Per un attimo Frank è tentato di tornare indietro e dire di sì.
Che ha cambiato idea e la vuole quella roba.
Cosa cazzo ha da perdere lo sa solo Dio, potrebbe semplicemente stordirsi e poi farsi una ragazza facile imbottita di coca, quelle con la pelle di plastica e il trucco che a fine serata cola via rivelando l'orrore e la tristezza dipinti sui loro bei visi da bamboline.

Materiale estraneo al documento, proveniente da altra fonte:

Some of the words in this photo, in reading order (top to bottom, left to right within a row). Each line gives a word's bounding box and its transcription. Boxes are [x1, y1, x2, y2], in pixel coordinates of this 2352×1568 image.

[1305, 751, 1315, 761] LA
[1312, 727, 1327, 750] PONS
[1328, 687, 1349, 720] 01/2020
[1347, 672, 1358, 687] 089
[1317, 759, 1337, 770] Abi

Si trattiene per sua madre.
Forse per Gerard.
Ma Gerard, dov'è Gerard?
Da quanti giorni lo chiama, nel suo silenzio, nella sua stanza, nel suo dolore, senza che lui risponda?
E' venuto a questa stupida festa solo per avere da bere gratis - distrazione assicurata dalle sue notti in bianco passate ad ascoltare sua madre che fa la puttana con qualcuno.

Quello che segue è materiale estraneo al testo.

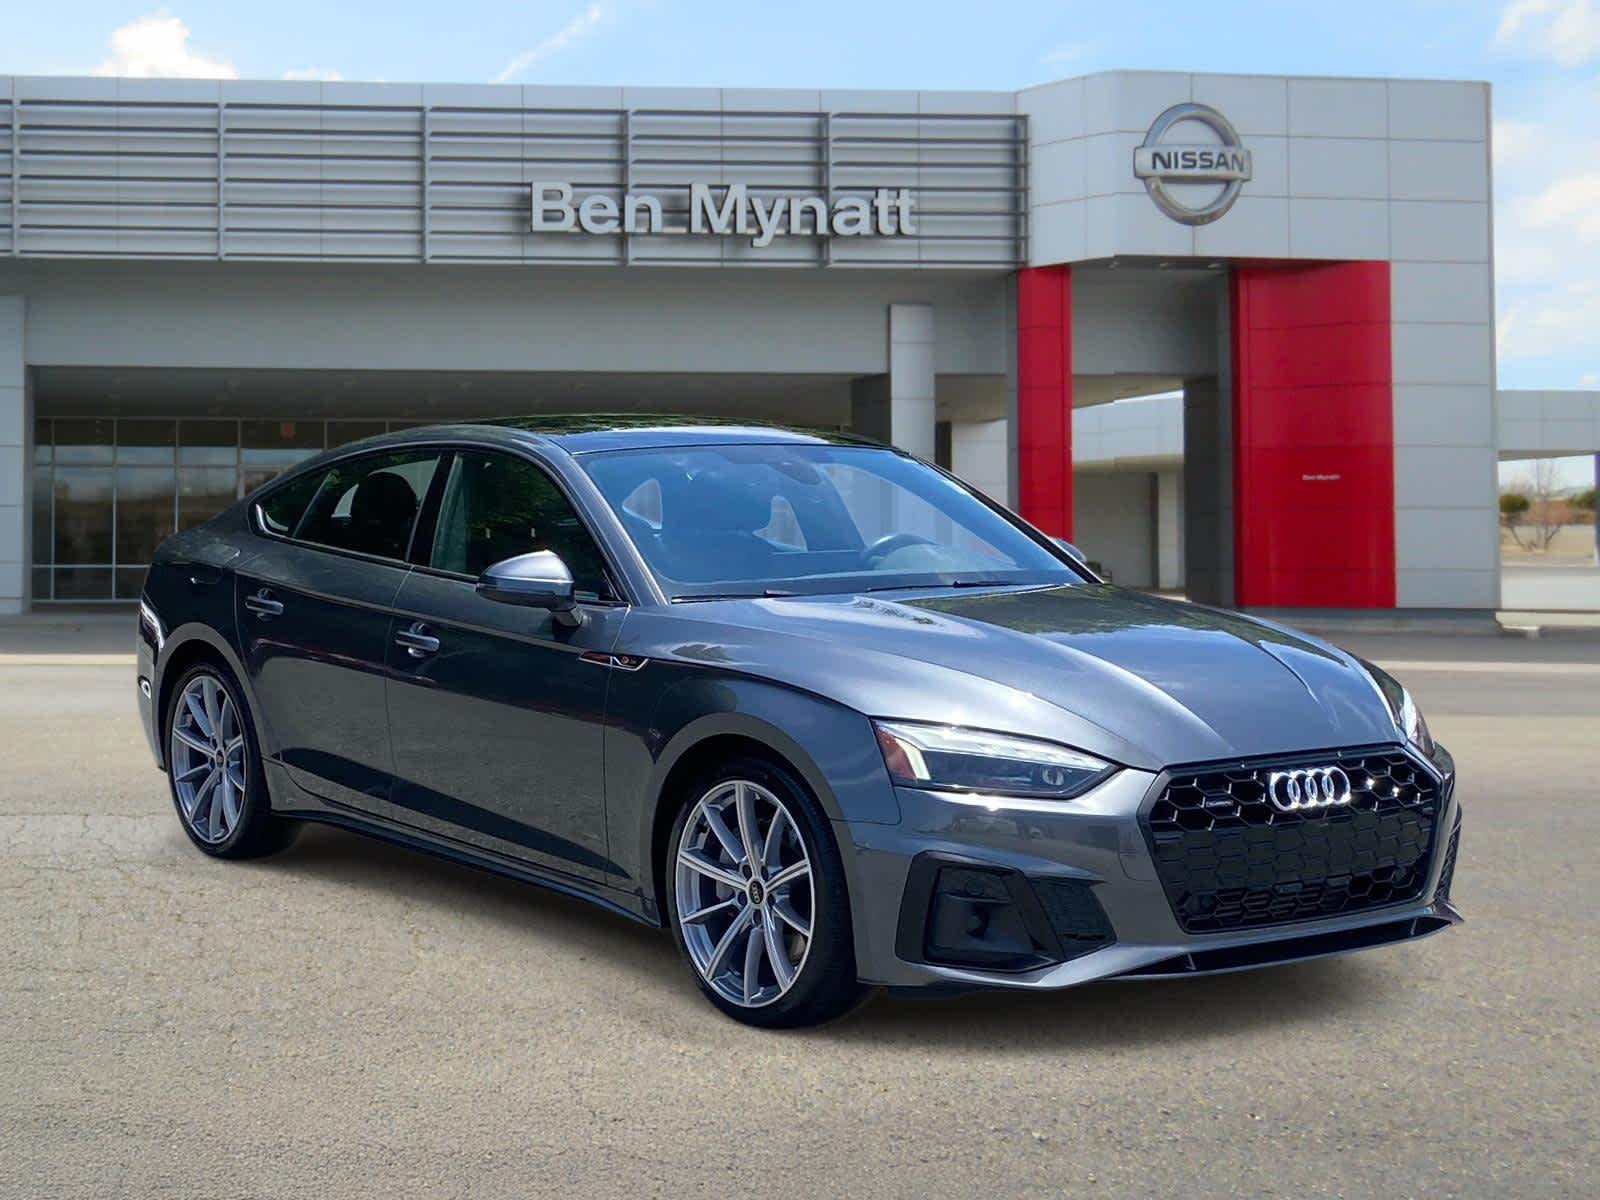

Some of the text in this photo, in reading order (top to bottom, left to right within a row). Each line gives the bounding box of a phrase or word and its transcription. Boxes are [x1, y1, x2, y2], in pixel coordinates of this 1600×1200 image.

[1151, 151, 1244, 172] NISSAN
[531, 180, 917, 248] Ben Mynatt

- Vaffanculo - borbotta, senza rivolgersi a qualcuno in particolare.
Poi va via perché non ce la fa a vedere Ray che si fa di quello schifo.
Non ce la fa a stare lì e guardarlo mentre si sballa e poi prende anche altra roba.
Non ce la fa a pensare che forse anche lui dovrebbe fare in quel modo e farla finita a vent'anni, un corpo straziato dalla droga semplicemente sdraiato sul pavimento con un'ultima mortale dose ancora al suo fianco.
Torna indietro verso il corridoio, lasciandosi alle spalle quella stanza infernale, la testa gli gira e barcolla un pochino.
Dovrebbe essere il compleanno di Woody Goldman, il brillante giocatore di football, ma Woody ormai è in una camera appartata per uno spogliarello, e ognuno fa quel cazzo che gli pare. Ha invitato mezza scuola, e chi non era invitato è venuto comunque.
Frank è disorientato, non sa che fare.
Entra in una stanza ma si accorge che ci sono solo ragazze seminude e tentatrici.
Non dicono niente, lo guardano e basta, qualcuna è già schiacciata sotto il corpo di qualche ragazzo e sta gemendo in modo plateale.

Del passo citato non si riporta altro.